Closing the Women’s Health Gap

Despite living longer than men, women spend a quarter of their lives in worse health, prompting the World Economic Forum and the McKinsey Health Institute to publish an in-depth report to unpack the underlying factors driving the disparity.

The report explores the root causes of the women’s health gap, which span far beyond sexual and reproductive health even though the area is a go-to oversimplification for many gender differences. (Chart: Contributing Factors to Women’s Health Burden)

  • Just 5% of women’s health burden is related to gender-specific conditions (maternal and gynecological)
  • 47% stems from conditions that affect women either disproportionately (depression, auto-immune disease) or differently (AFib, colon cancer)
  • 43% comes from conditions that don’t affect women disproportionately or differently (ischemic heart disease, tuberculosis, etc.)

The large disparity resulting from conditions that impact everyone more-or-less equally can be attributed to several systemic issues, which the report does a great job outlining alongside possible solutions.
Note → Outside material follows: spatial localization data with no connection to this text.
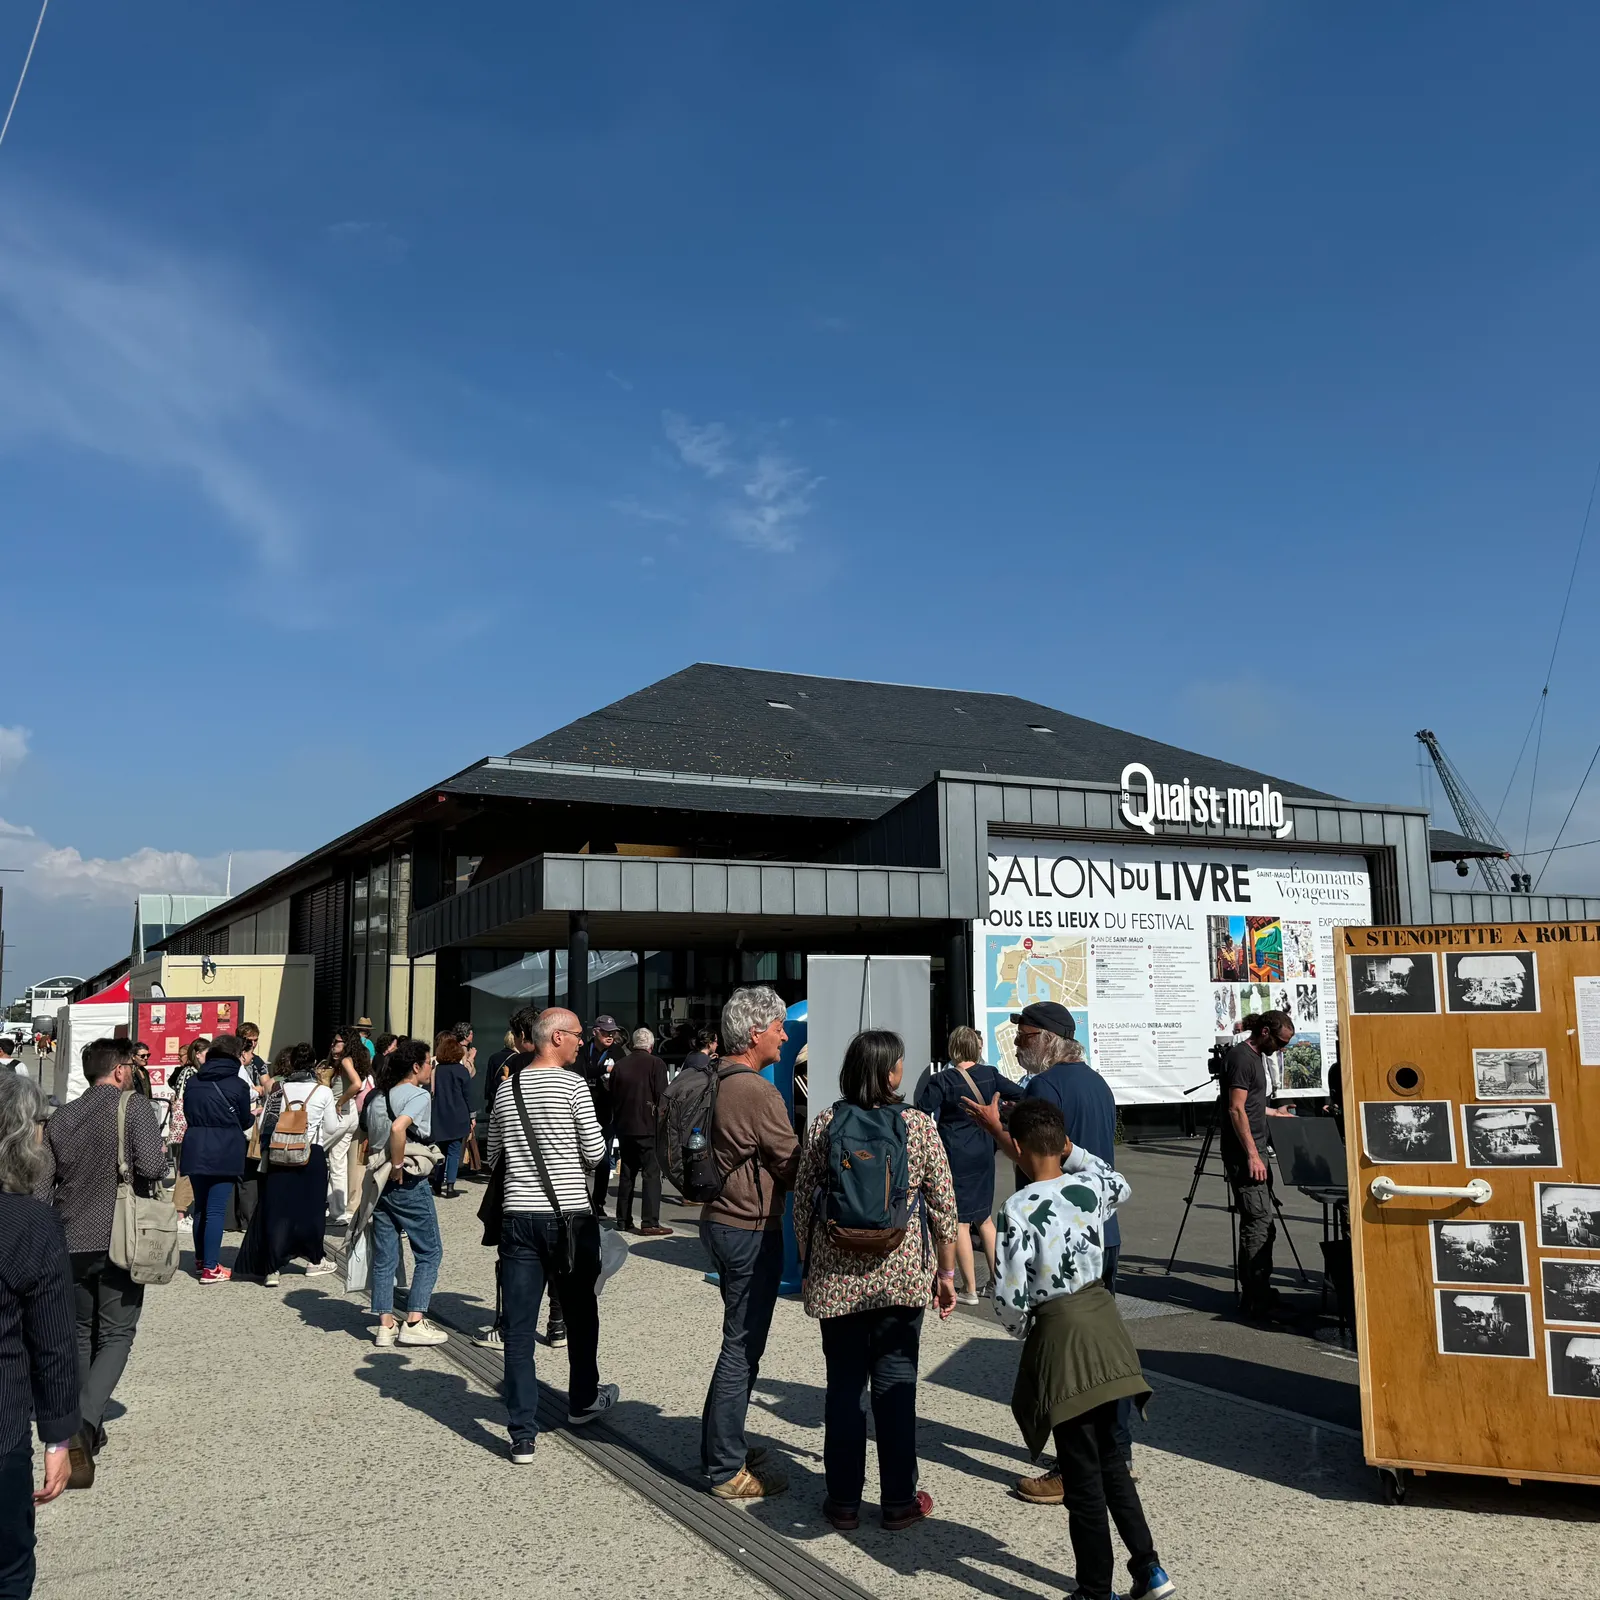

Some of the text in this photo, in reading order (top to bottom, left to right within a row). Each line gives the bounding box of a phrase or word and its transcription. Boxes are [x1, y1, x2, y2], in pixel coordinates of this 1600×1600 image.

[1121, 762, 1191, 835] Quai
[988, 852, 1252, 903] SALON DU LIVRE
[1256, 861, 1364, 886] SAINT-MALO Étonnants
[1276, 880, 1350, 905] Voyageurs
[1028, 910, 1053, 928] LES
[1057, 911, 1100, 929] LIEUX
[1104, 912, 1127, 930] DU
[1131, 913, 1194, 931] FESTIVAL
[1366, 928, 1503, 946] STENOPETTE
[1513, 928, 1529, 944] A
[1536, 925, 1600, 943] ROUL
  • Better clinical trial design is needed to ensure equitable representation for conditions that affect women differently, such as incorporating male vs. female disease prevalence mix and using sex-specific thresholds for biomarkers.
  • Accurately assessing the prevalence of conditions such as endometriosis and menopause is needed to improve the notoriously underestimated metrics, which leads to underinvestment due to misunderstood market potential. 
  • Enhancing access to gender-specific care is critical to improving outcomes, which might include health systems implementing new guidelines (e.g, sex-specific cutoffs for biomarkers, discharge checklists) to guide decision making and minimize biases.
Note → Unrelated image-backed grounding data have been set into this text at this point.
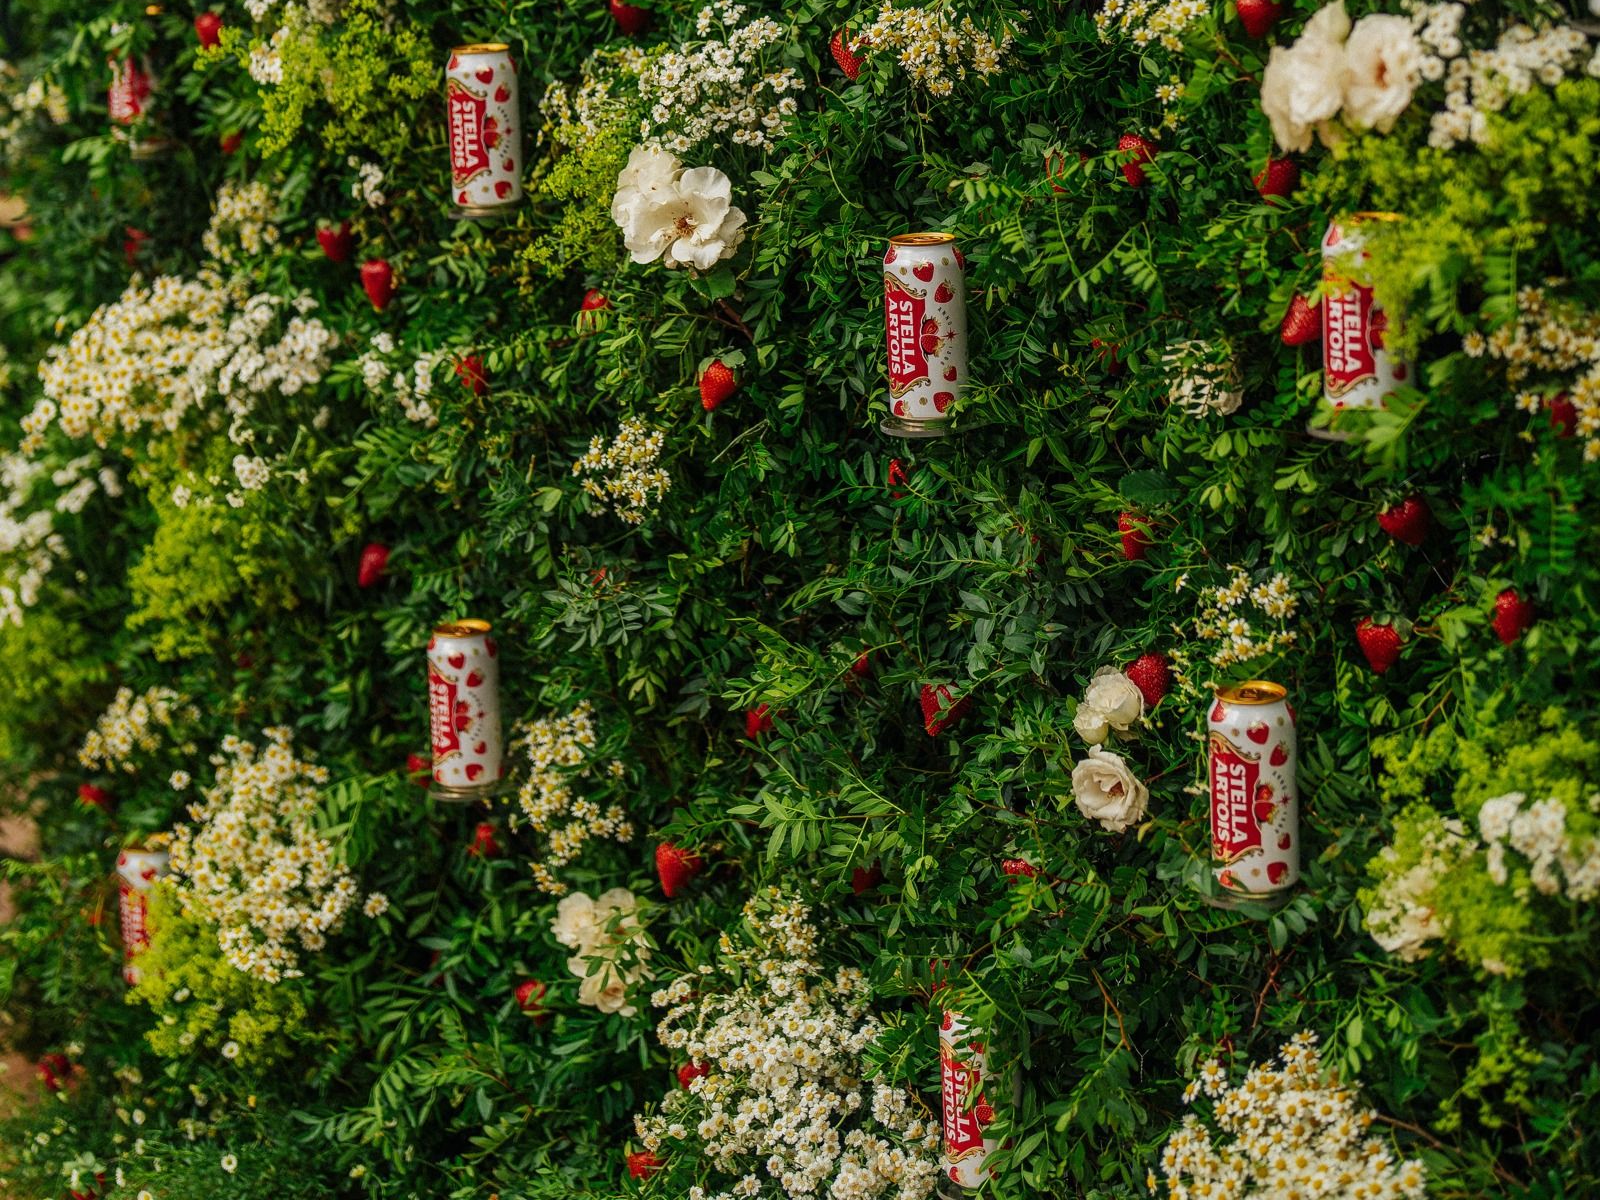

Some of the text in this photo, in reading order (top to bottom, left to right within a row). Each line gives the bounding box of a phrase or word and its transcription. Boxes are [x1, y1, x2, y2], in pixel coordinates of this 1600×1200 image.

[451, 99, 466, 169] ARTOIS
[462, 100, 479, 169] STELLA
[888, 297, 901, 375] ARTOIS
[899, 300, 916, 375] STELLA
[438, 682, 452, 749] STELLA
[1215, 757, 1231, 845] ARTOIS
[1229, 762, 1248, 845] STELLA
[943, 1062, 956, 1142] ARTOIS
In typical McKinsey fashion, the report devotes significant real estate to the economic burden of the women’s health gap, which if closed could boost global GDP by $1T due to improved workforce participation. It’s also worth noting that 10 conditions contribute over half of the economic burden. (Chart: Economic Burden by Condition)

The Takeaway

Tackling the women’s health gap is essential for far better reasons than boosting GDP, but regardless of the justification, progress depends on addressing the issues outlined in this report. Glaring research gaps, disparities in care delivery, and underinvestment have led to massive disparities in women’s health, but they’ve also created a huge opportunity for those that can help to solve them.

Social Needs Impact on Diabetes Management

New research published in JAMA Network Open found that health-related social needs (HRSNs) have a major impact on both quality and utilization outcomes for people with type 2 diabetes.
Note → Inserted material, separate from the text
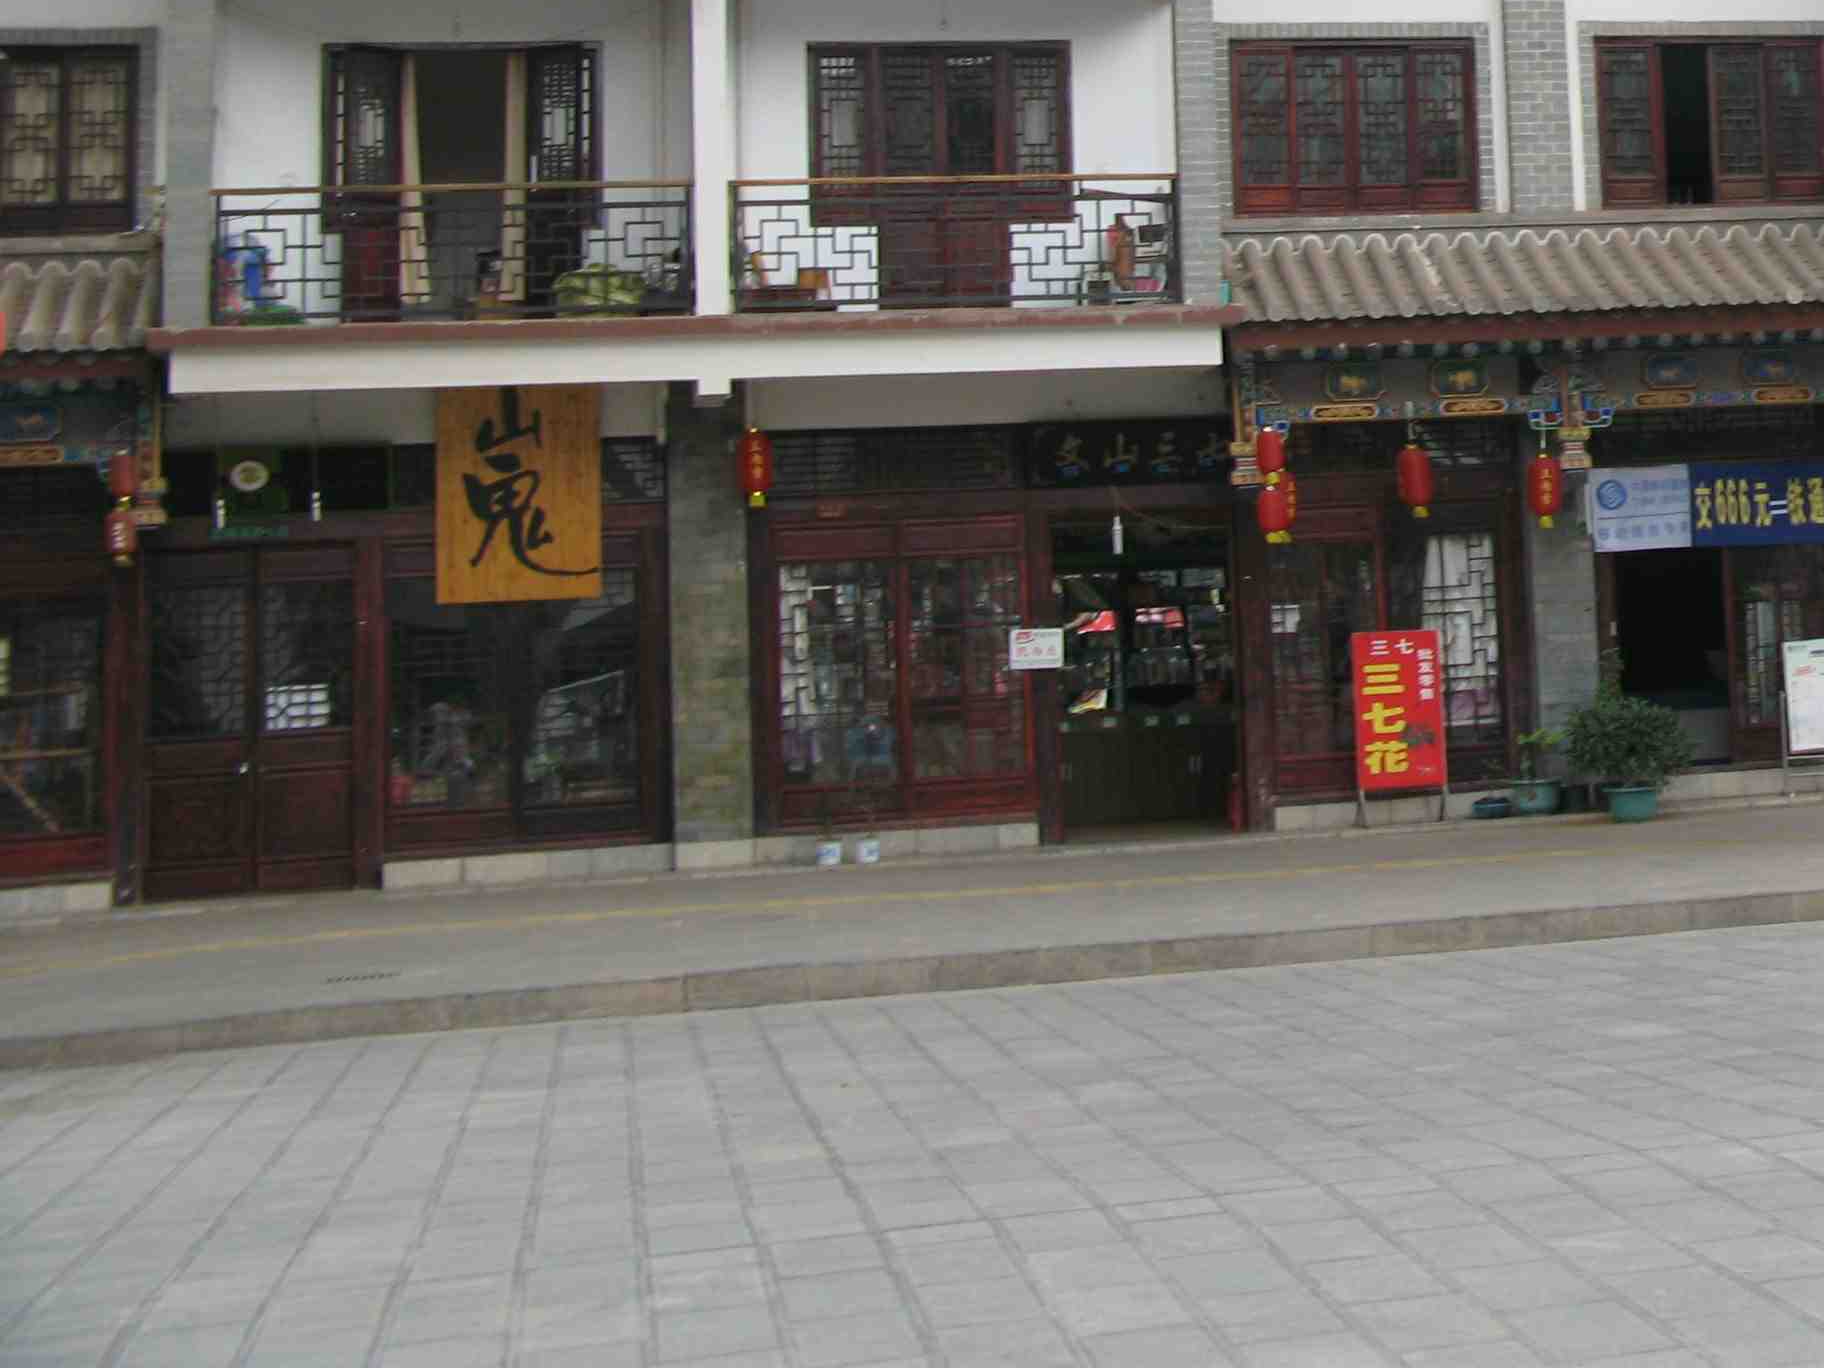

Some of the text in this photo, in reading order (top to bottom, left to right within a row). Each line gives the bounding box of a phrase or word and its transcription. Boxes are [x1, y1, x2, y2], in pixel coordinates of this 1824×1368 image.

[461, 386, 600, 576] 山鬼
[1369, 638, 1415, 656] 三七
[1361, 663, 1410, 775] 三七花
Using self-reported data from a national sample of 21,528 Medicare Advantage beneficiaries with T2D, researchers found that the majority (56.9%) reported at least one HRSN, and that each one significantly affected outcomes.

Here’s a look at the odds ratio impact of HRSNs on diabetes medication adherence (proportion of days covered over 80%), statin adherence (PDC over 80%), and having controlled HbA1c. Not too surprising to see that financial strain had the largest negative impact on HbA1c control.

  • Food insecurity – Diabetes (0.93), Statin (1.02), HbA1c (1.02)
  • Financial strain – Diabetes (0.91), Statin (0.91), HbA1c (0.83)
  • Loneliness – Diabetes (0.85), Statin (0.79), HbA1c (0.96)
  • Unreliable transport – Diabetes (0.80), Statin (0.80), HbA1c (0.94)
  • Housing insecurity – Diabetes (0.78), Statin (0.96), HbA1c (0.92)

Each of the five HRSNs also influenced hospital utilization, and it was interesting that food insecurity was identified as the factor with the largest impact on acute care usage. Here are the changes in utilization per 1,000 MA enrollees for avoidable hospitalizations, ED visits, inpatient encounters, and 30-day readmissions.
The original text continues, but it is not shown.